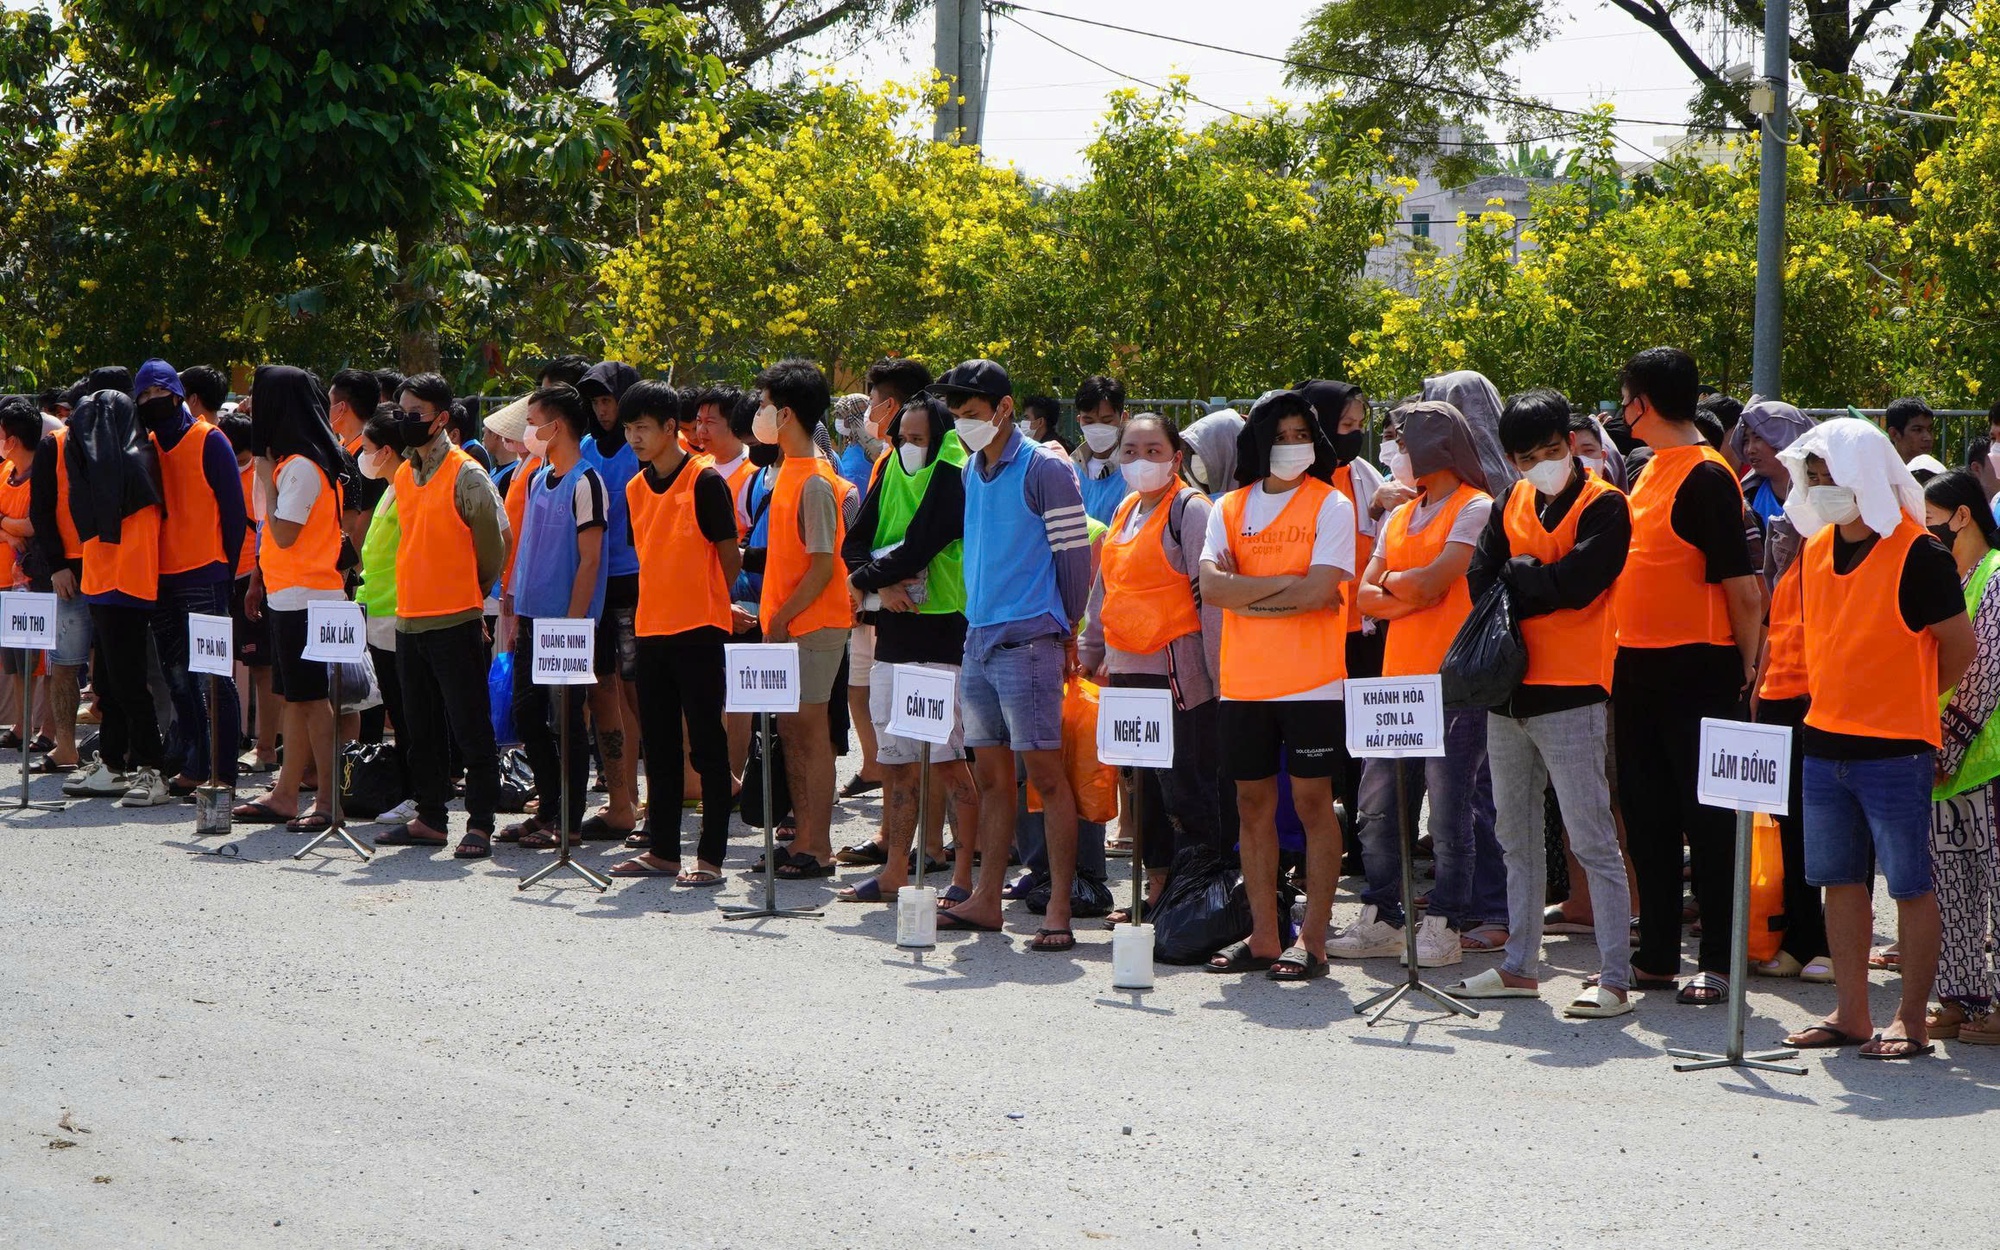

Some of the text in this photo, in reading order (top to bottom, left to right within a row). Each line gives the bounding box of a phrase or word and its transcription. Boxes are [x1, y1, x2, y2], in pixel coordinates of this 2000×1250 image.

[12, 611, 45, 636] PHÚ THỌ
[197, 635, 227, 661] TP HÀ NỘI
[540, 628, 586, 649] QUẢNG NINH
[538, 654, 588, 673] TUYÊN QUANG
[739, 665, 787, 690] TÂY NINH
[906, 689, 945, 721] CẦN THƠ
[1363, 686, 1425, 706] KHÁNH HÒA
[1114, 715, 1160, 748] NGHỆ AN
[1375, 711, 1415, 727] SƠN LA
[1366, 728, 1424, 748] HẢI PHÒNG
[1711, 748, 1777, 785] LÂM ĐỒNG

====================

What you are asked to do -
The pictures should not be reproduced; quote all of the other material exactly.

Finished task -
Some of the text in this photo, in reading order (top to bottom, left to right within a row). Each line gives the bounding box of a phrase or word and its transcription. Boxes are [x1, y1, x2, y2], in pixel coordinates of this 2000×1250 image.

[12, 611, 45, 636] PHÚ THỌ
[197, 635, 227, 661] TP HÀ NỘI
[540, 628, 586, 649] QUẢNG NINH
[538, 654, 588, 673] TUYÊN QUANG
[739, 665, 787, 690] TÂY NINH
[906, 689, 945, 721] CẦN THƠ
[1363, 686, 1425, 706] KHÁNH HÒA
[1114, 715, 1160, 748] NGHỆ AN
[1375, 711, 1415, 727] SƠN LA
[1366, 728, 1424, 748] HẢI PHÒNG
[1711, 748, 1777, 785] LÂM ĐỒNG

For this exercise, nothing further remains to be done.